Available data »
☆ ☆ ☆ ☆ ☆

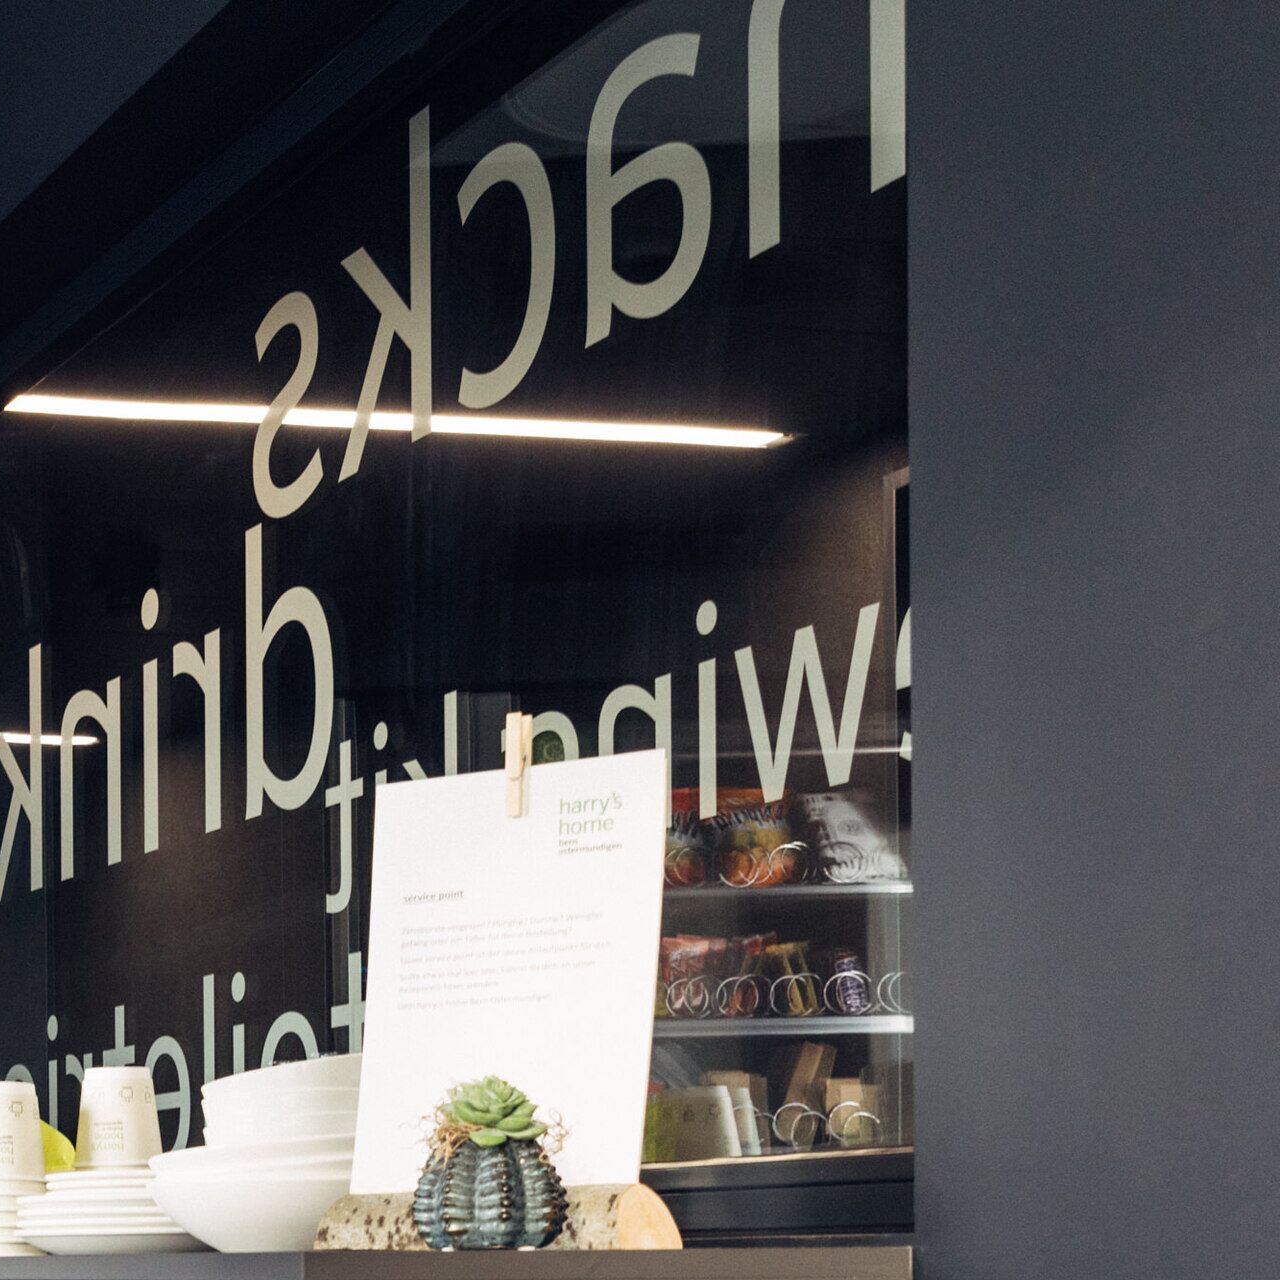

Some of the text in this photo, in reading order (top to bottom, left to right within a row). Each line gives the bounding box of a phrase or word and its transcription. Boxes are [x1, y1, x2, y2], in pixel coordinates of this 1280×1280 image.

[560, 791, 623, 816] harry's
[559, 818, 615, 835] home
[438, 889, 464, 901] point
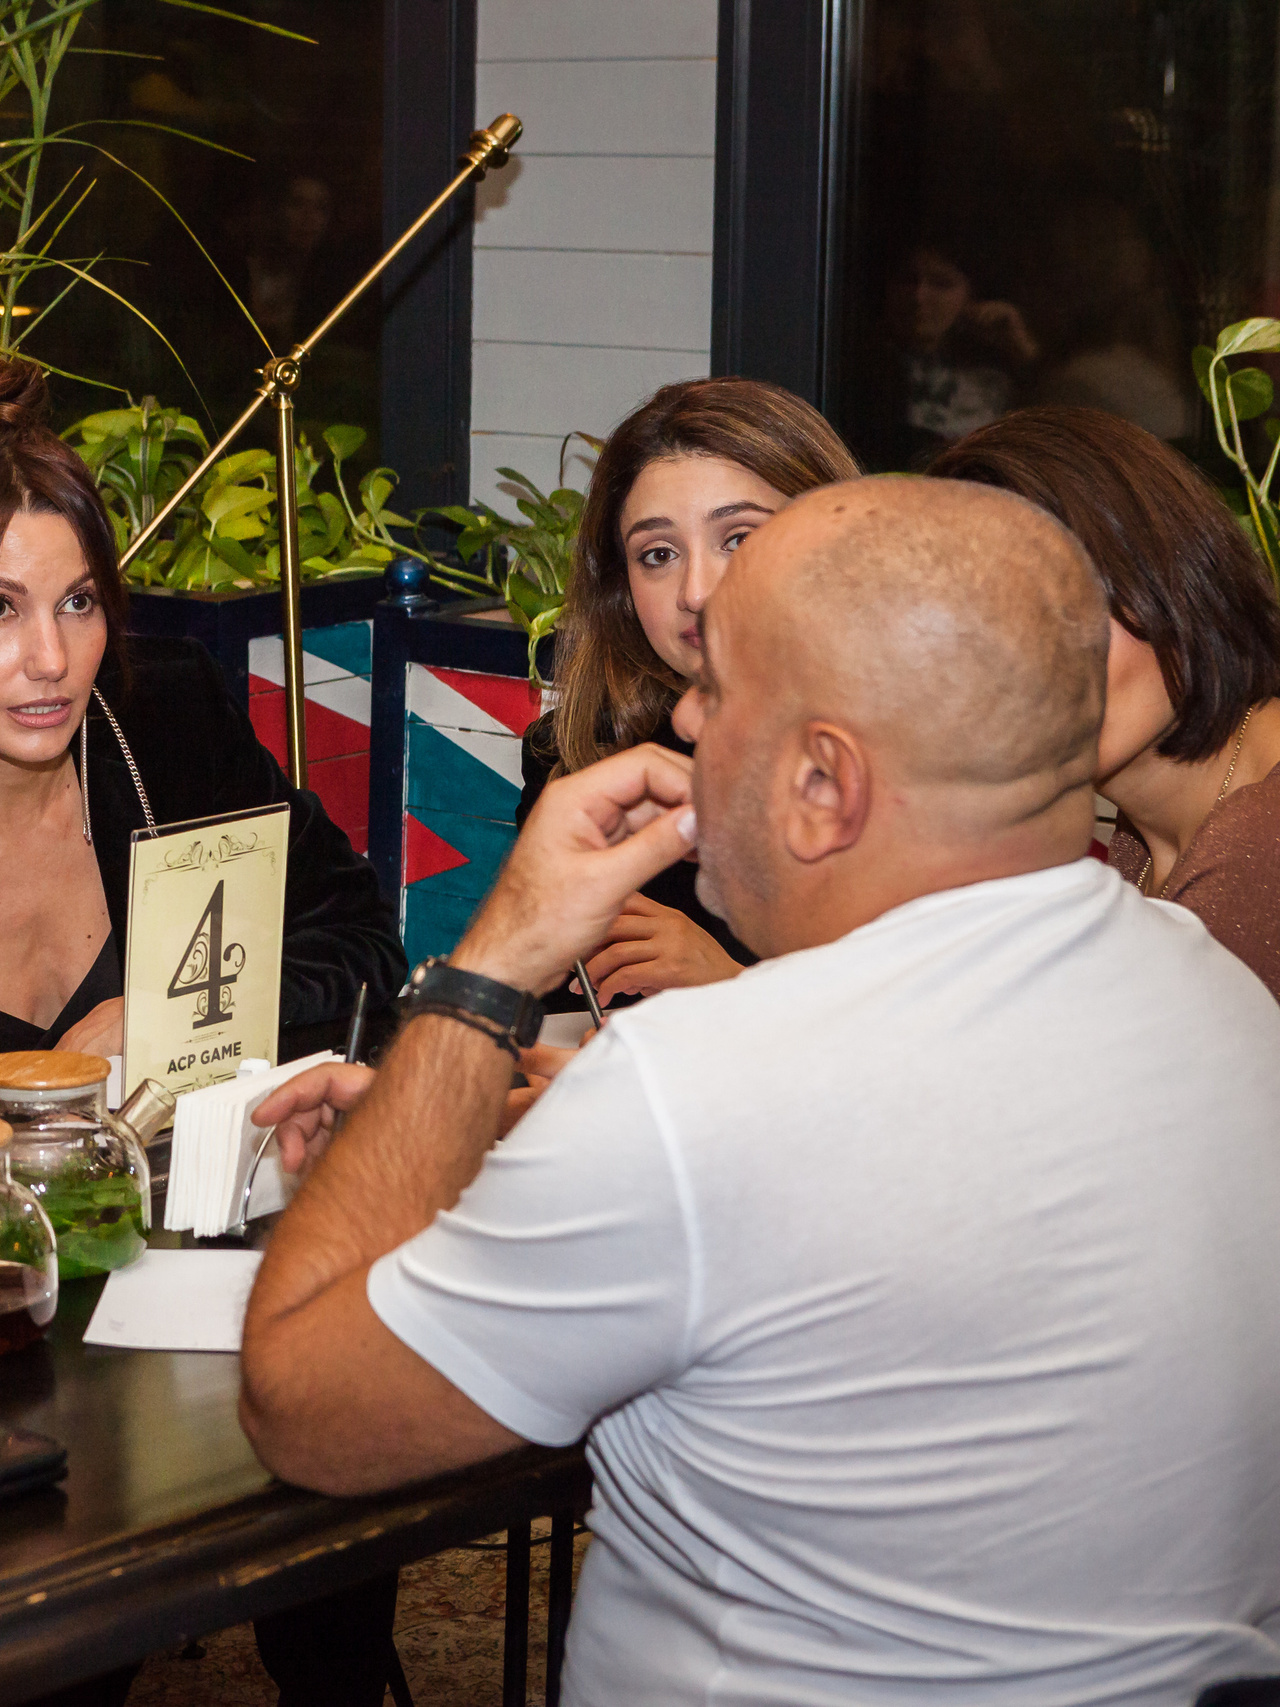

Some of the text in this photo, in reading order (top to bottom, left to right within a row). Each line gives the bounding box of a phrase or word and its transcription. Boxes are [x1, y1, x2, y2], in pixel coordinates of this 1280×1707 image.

[166, 879, 246, 1030] 4
[166, 1041, 242, 1075] ACP GAME

☆ ☆ ☆ ☆ ☆

Exercise goal »
The entries above are to be copied exactly, with every picture left out.

Task answer »
Some of the text in this photo, in reading order (top to bottom, left to right within a row). Each line gives the bounding box of a phrase or word and its transcription. Boxes are [x1, y1, x2, y2], in pixel coordinates of this 1280×1280 image.

[560, 791, 623, 816] harry's
[559, 818, 615, 835] home
[438, 889, 464, 901] point

Some of the text in this photo, in reading order (top to bottom, left to right within a row). Each line gives the bounding box of a phrase or word and its transcription. Boxes are [x1, y1, x2, y2], in pixel coordinates of this 1280×1707 image.

[166, 879, 246, 1030] 4
[166, 1041, 242, 1075] ACP GAME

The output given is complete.